De la résidence à la direction: être formé en région, puis y former la relève

En 5 secondes La Dre Jessica Perreault Bishop ne connaissait rien de Saint-Jérôme avant d’y faire sa résidence. La voici maintenant directrice du nouveau campus des Laurentides de l’UdeM pour la formation médicale.
Jessica Perreault Bishop, chargée d'enseignement clinique à l’Université de Montréal

Il y a déjà un moment que la Dre Jessica Perreault Bishop, directrice de l'enseignement médical au Centre intégré de santé et de services sociaux des Laurentides et chargée d'enseignement clinique à l’Université de Montréal, souhaitait augmenter l’offre de stages d’externat dans sa région. Le futur campus de l’Université de Montréal dans les Laurentides, qui accueillera sa première cohorte étudiante en médecine dès l’automne prochain – puis en pharmacie en 2027 –, lui en donne désormais les moyens. Entrevue avec une clinicienne engagée et profondément attachée à son milieu.

Questions Réponses

Pourquoi est-ce si important de former des médecins dans les Laurentides maintenant?

La population des Laurentides croît rapidement, tout comme les besoins en santé. En parallèle, les cohortes en médecine ont augmenté de 40 % entre 2018 et 2024, ce qui accentue la pression sur les milieux de stage, déjà saturés en milieu urbain. Les Laurentides s’imposaient donc comme une solution: la région offre un vaste réseau de professionnels ainsi qu’une grande diversité de cas cliniques et de milieux de soins, ce qui est particulièrement formateur pour la relève.

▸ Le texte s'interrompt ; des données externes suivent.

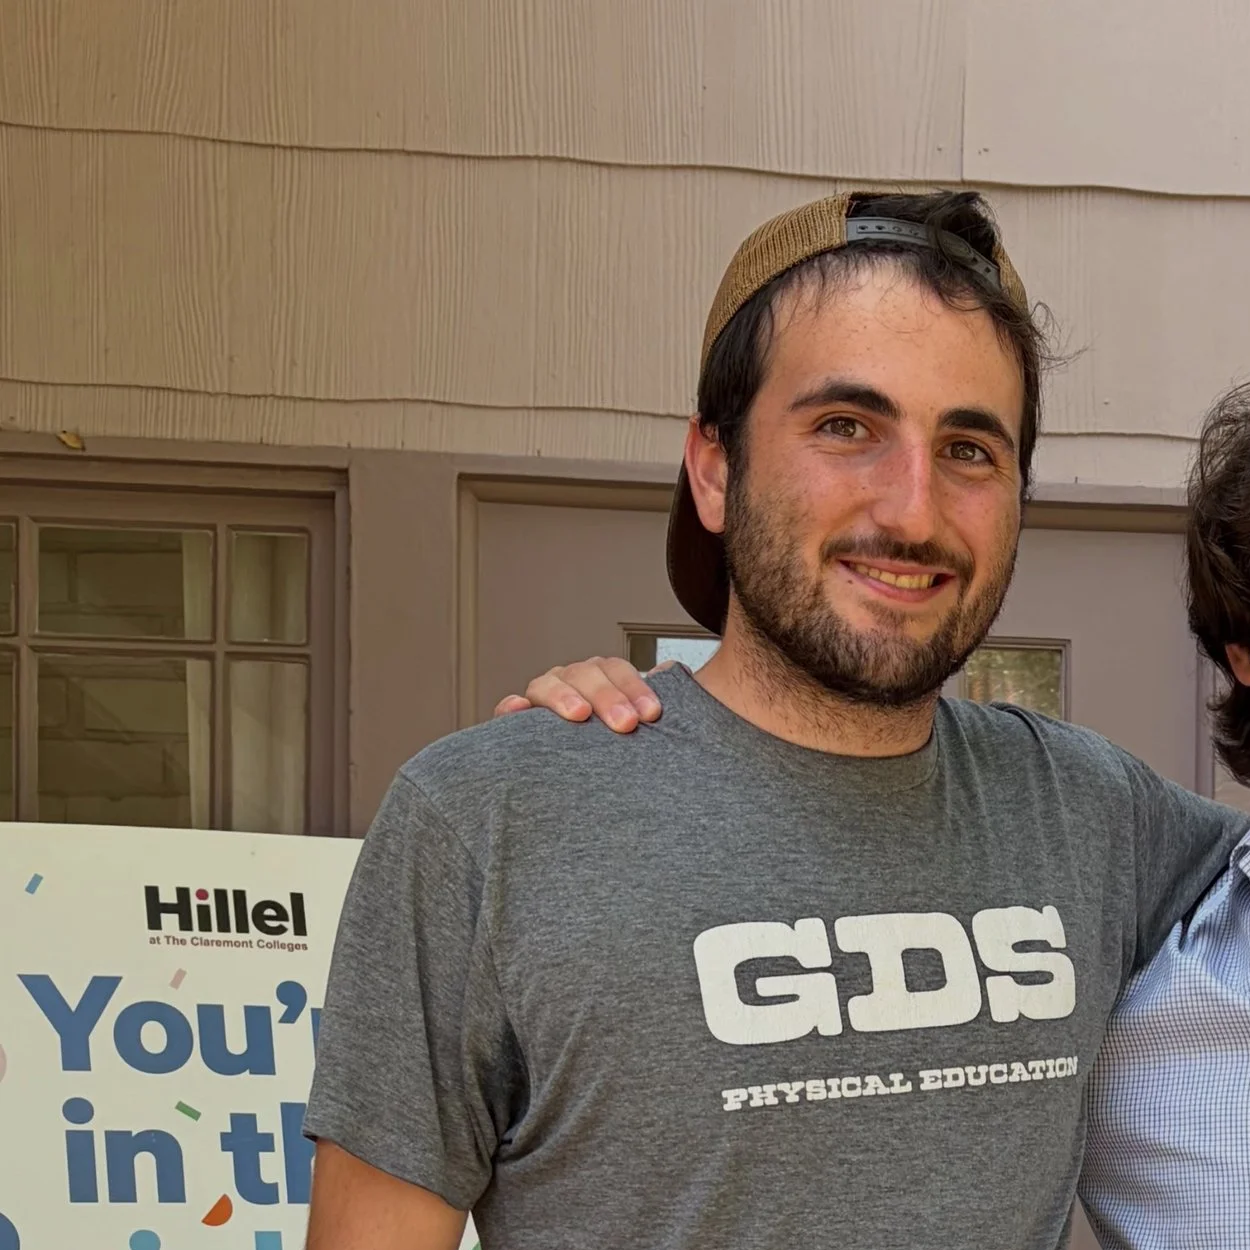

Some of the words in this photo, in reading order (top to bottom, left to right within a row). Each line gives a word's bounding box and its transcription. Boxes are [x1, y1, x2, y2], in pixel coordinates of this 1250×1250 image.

La formation en région fait donc partie de la solution?

Tout à fait. Accroître les cohortes, c’est une chose, mais encore faut-il avoir les milieux pour former ces futurs médecins. En développant la formation en région, on répond à deux enjeux: la capacité d’accueil des stages et les besoins régionaux en effectifs médicaux. Former en région, c’est aussi favoriser l’attraction et la rétention.

Quelle est votre vision pour ce campus dans les Laurentides?

C’est tout un défi! On part d’un canevas blanc, avec une nouvelle équipe. Je veux que ce campus prenne la couleur des gens qui vont le bâtir. On recrute des médecins de la région pour que les étudiants et les étudiantes puissent découvrir une réalité clinique très diversifiée, propre à ce vaste territoire que sont les Laurentides. Je souhaite aussi un campus bien ancré dans sa communauté, qui établira des liens avec les organismes locaux et sera partenaire d’initiatives comme des évènements sportifs. Notre objectif: implanter une culture d’apprentissage axée sur l’excellence et l’innovation, avec des retombées concrètes pour la région. Pensons au centre-ville de Saint-Jérôme, aux commerces, aux cafés, à l’effervescence que peut créer une communauté étudiante. Les Laurentides comptent de nombreuses jeunes familles, mais aussi une population vieillissante. C’est une vision de soins de 0 à 100 ans!

Qu’est-ce qui distinguera ce campus des autres milieux de formation?

Notre identité va se construire avec le temps. Ce qui nous distingue déjà, c’est notre situation géographique: dans une région intermédiaire, à proximité de Montréal et de l’Université de Montréal. Les étudiantes et étudiants pourront à la fois accéder à des stages spécialisés en milieu urbain et utiliser le campus des Laurentides comme tremplin vers des municipalités plus éloignées, telle la ville de Mont-Laurier. J’en suis moi-même un bon exemple. Je viens de Montréal et j’ai fait ma résidence à Saint-Jérôme – j’étais de la première cohorte du groupe de médecine de famille universitaire [GMF-U] Lafontaine, en 2015, devenu depuis le GMF-U Dre Andrée-Gagnon. Ç’a été un vrai coup de cœur. J’ai eu envie de m’engager, d’abord auprès des résidents, puis dans la direction locale du programme. Une fois diplômée, je suis restée. Quand on connaît les équipes et la communauté, ça diminue l’anxiété. Cette proximité crée un sentiment d’appartenance et donne envie de s’établir. 

Quel est votre plus grand souhait pour ce campus à naître?

Je souhaite que ce campus apporte quelque chose de concret à la région. Qu’il renforce le système de santé, ouvre des perspectives professionnelles et améliore, à terme, l’accès aux soins. Si la population en bénéficie pour de vrai, alors on aura réussi!